SmartKNN is a weighted and interpretable extension of classical K-Nearest Neighbours (KNN), designed for real-world tabular machine learning. It automatically learns feature importance, filters weak features, handles missing values, normalizes inputs internally, and consistently achieves higher accuracy and robustness than classical KNN — while maintaining a simple scikit-learn-style API.


# Model Details


Model Description
SmartKNN improves classical KNN by learning feature weights and applying a weighted Euclidean distance for neighbour selection. It performs normalization, NaN/Inf cleaning, median imputation, outlier clipping, and feature filtering internally. It exposes feature importance for transparency and explainability.

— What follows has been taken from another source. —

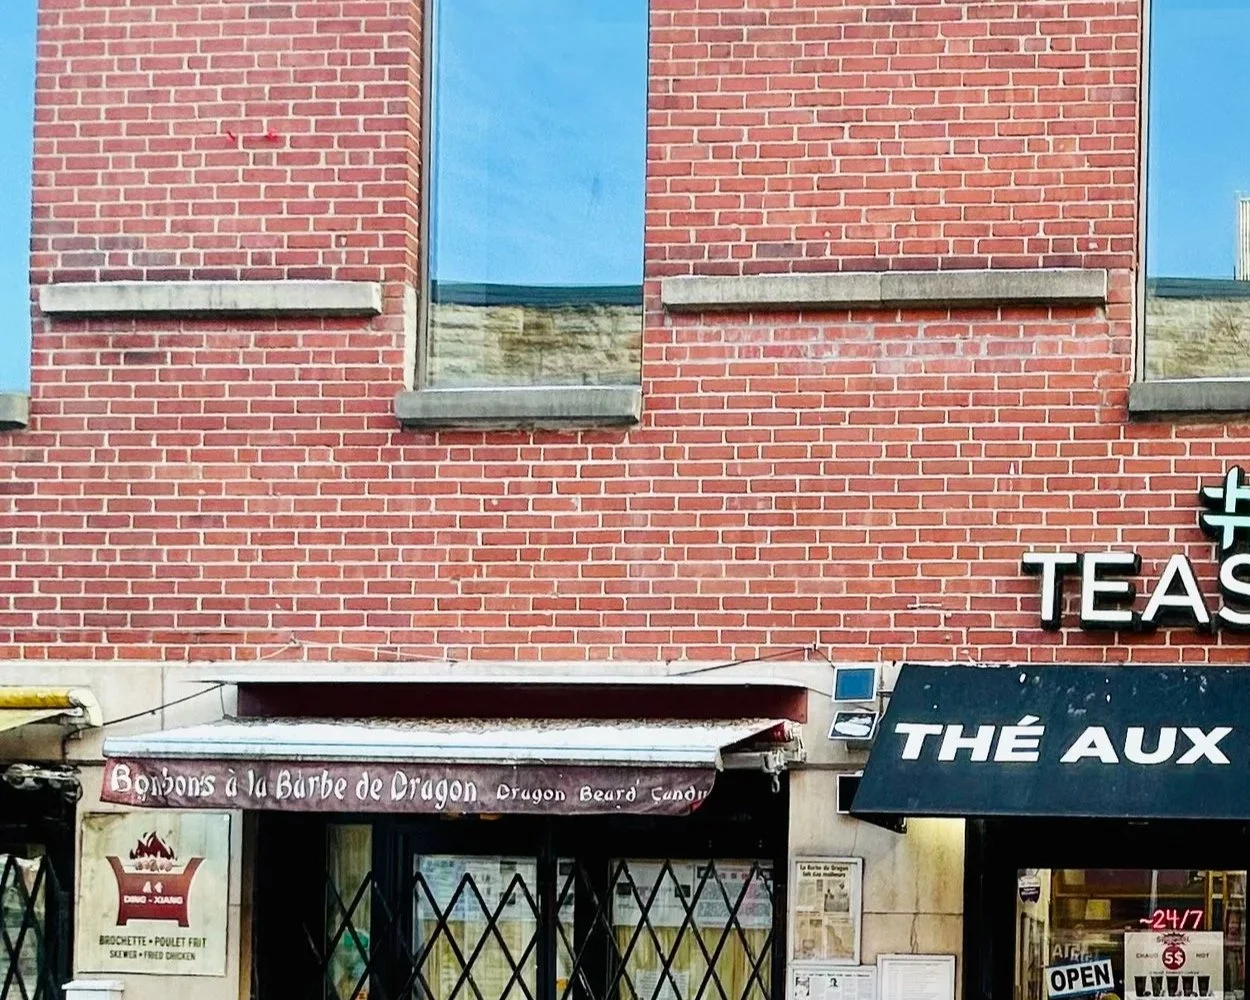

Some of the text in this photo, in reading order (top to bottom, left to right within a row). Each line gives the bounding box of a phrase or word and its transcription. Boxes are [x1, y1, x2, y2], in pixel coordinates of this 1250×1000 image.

Developed by: Jashwanth Thatipamula  
Model type: Weighted KNN for tabular ML  
License: MIT  
Language(s): Not language-dependent (numerical tabular ML)  
Finetuned from model: Not applicable (original algorithm)

Model Sources
Repository: https://github.com/thatipamula-jashwanth/smart-knn  
Paper (DOI): https://doi.org/10.5281/zenodo.17713746  
Demo: Coming soon


# Uses


Direct Use
• Regression on tabular datasets  
• Classification on tabular datasets  
• Interpretable ML where feature importance matters  
• Real-world ML pipelines with missing values and noisy features

Downstream Use
• Research on distance-metric learning  
• Explainable ML baselines  
• AutoML components for tabular data

Out-of-Scope Use
• NLP, image or audio modelling  
• Deep learning / GPU models  
• Raw categorical datasets without encoding


# Bias, Risks, and Limitations

• Instance-based prediction can be slower than tree-based models on large datasets  
• Low performance on categorical-only datasets without encoding  
• Requires storing full training set for inference

Recommendations
Users should numerically encode categorical features before fitting SmartKNN.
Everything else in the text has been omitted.